Would you please set down the data again exactly as given, excluding the pictures?

### [Data under study]

══════════════════════════════

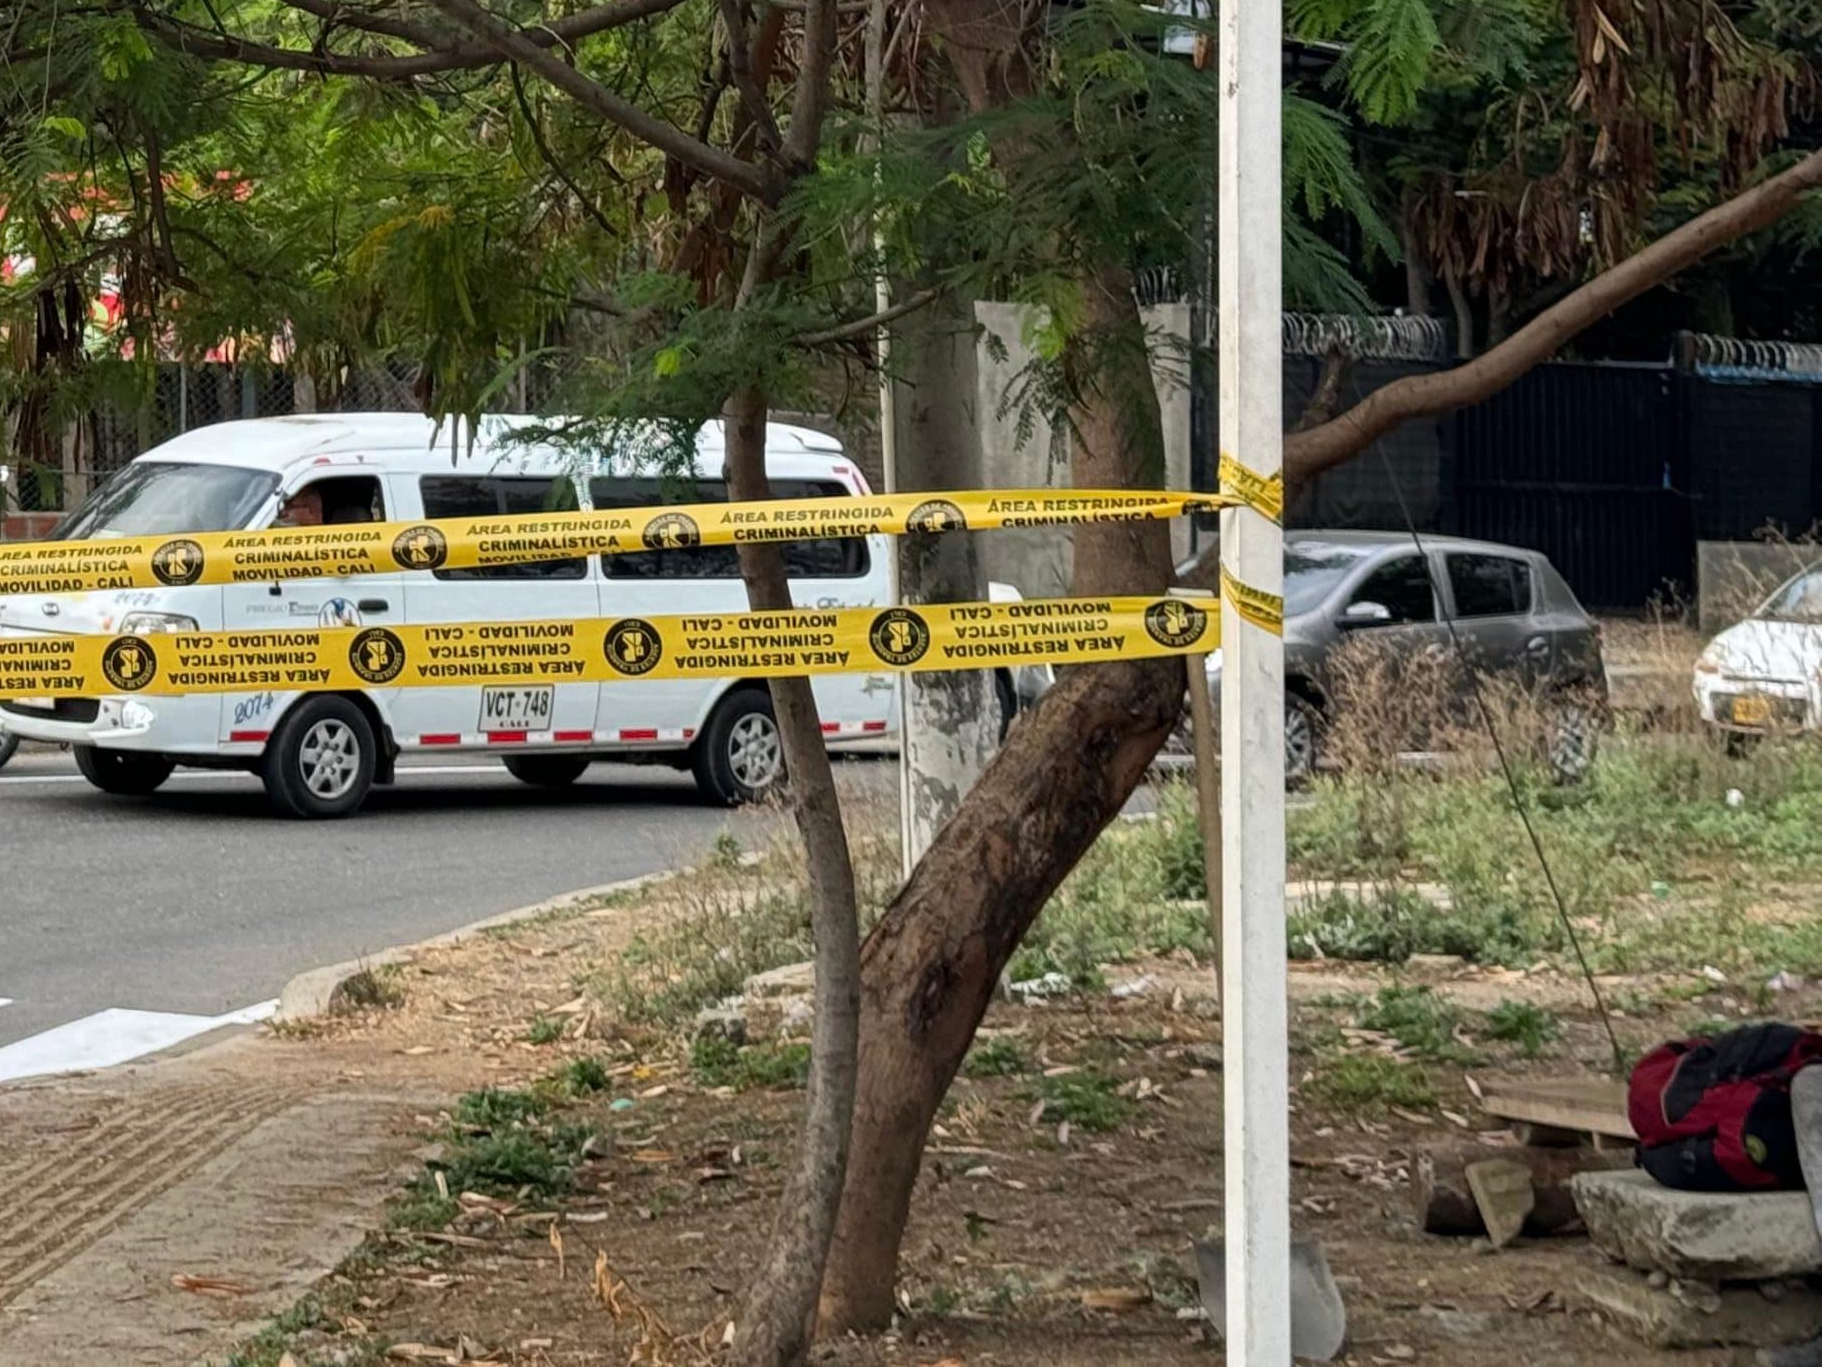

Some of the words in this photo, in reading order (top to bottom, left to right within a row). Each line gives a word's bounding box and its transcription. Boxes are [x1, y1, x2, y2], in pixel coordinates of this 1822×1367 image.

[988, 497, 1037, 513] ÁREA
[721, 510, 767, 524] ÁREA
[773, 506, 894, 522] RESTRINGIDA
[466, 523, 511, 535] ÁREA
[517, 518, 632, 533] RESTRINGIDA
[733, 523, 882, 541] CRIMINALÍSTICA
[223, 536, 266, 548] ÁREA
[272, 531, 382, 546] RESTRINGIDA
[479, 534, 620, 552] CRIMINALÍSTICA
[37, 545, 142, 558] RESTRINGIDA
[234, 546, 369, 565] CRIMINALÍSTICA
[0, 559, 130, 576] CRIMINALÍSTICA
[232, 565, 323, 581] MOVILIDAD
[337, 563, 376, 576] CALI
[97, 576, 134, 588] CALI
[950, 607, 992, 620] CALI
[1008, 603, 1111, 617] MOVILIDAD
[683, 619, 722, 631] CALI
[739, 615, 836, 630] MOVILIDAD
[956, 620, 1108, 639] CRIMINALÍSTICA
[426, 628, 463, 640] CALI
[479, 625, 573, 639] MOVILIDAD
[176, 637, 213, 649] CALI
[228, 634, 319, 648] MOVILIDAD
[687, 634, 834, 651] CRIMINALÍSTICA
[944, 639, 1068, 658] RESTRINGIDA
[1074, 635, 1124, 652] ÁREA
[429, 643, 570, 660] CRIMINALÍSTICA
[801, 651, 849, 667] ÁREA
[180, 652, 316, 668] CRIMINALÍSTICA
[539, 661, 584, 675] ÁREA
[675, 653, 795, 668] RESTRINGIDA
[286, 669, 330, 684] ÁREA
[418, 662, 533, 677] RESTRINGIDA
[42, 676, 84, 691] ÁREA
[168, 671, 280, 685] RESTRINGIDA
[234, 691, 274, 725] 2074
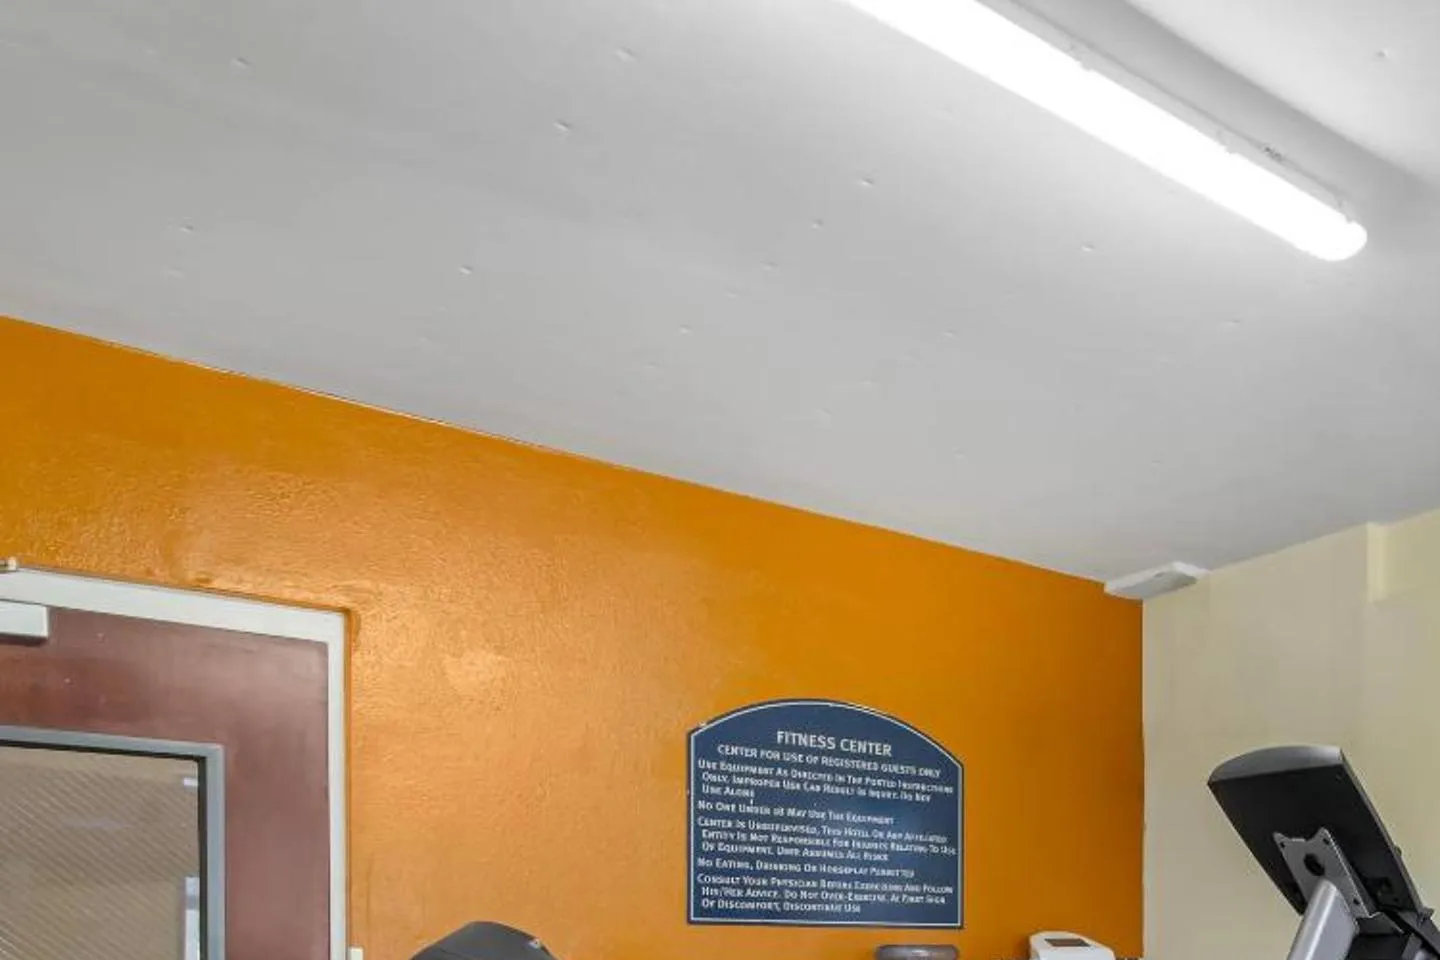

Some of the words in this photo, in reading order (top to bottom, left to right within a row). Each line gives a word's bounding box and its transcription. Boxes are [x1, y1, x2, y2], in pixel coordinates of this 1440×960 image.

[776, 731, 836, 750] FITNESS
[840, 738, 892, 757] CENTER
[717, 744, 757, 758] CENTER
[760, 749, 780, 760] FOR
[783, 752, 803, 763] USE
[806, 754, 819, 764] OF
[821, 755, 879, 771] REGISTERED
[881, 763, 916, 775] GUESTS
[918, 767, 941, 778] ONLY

══════════════════════════════

### [Solution to the exercise]
Some of the words in this photo, in reading order (top to bottom, left to right within a row). Each line gives a word's bounding box and its transcription. Boxes are [x1, y1, x2, y2], in pixel coordinates of this 1822×1367 image.

[988, 497, 1037, 513] ÁREA
[721, 510, 767, 524] ÁREA
[773, 506, 894, 522] RESTRINGIDA
[466, 523, 511, 535] ÁREA
[517, 518, 632, 533] RESTRINGIDA
[733, 523, 882, 541] CRIMINALÍSTICA
[223, 536, 266, 548] ÁREA
[272, 531, 382, 546] RESTRINGIDA
[479, 534, 620, 552] CRIMINALÍSTICA
[37, 545, 142, 558] RESTRINGIDA
[234, 546, 369, 565] CRIMINALÍSTICA
[0, 559, 130, 576] CRIMINALÍSTICA
[232, 565, 323, 581] MOVILIDAD
[337, 563, 376, 576] CALI
[97, 576, 134, 588] CALI
[950, 607, 992, 620] CALI
[1008, 603, 1111, 617] MOVILIDAD
[683, 619, 722, 631] CALI
[739, 615, 836, 630] MOVILIDAD
[956, 620, 1108, 639] CRIMINALÍSTICA
[426, 628, 463, 640] CALI
[479, 625, 573, 639] MOVILIDAD
[176, 637, 213, 649] CALI
[228, 634, 319, 648] MOVILIDAD
[687, 634, 834, 651] CRIMINALÍSTICA
[944, 639, 1068, 658] RESTRINGIDA
[1074, 635, 1124, 652] ÁREA
[429, 643, 570, 660] CRIMINALÍSTICA
[801, 651, 849, 667] ÁREA
[180, 652, 316, 668] CRIMINALÍSTICA
[539, 661, 584, 675] ÁREA
[675, 653, 795, 668] RESTRINGIDA
[286, 669, 330, 684] ÁREA
[418, 662, 533, 677] RESTRINGIDA
[42, 676, 84, 691] ÁREA
[168, 671, 280, 685] RESTRINGIDA
[234, 691, 274, 725] 2074

Some of the words in this photo, in reading order (top to bottom, left to right within a row). Each line gives a word's bounding box and its transcription. Boxes are [x1, y1, x2, y2], in pixel coordinates of this 1440×960 image.

[776, 731, 836, 750] FITNESS
[840, 738, 892, 757] CENTER
[717, 744, 757, 758] CENTER
[760, 749, 780, 760] FOR
[783, 752, 803, 763] USE
[806, 754, 819, 764] OF
[821, 755, 879, 771] REGISTERED
[881, 763, 916, 775] GUESTS
[918, 767, 941, 778] ONLY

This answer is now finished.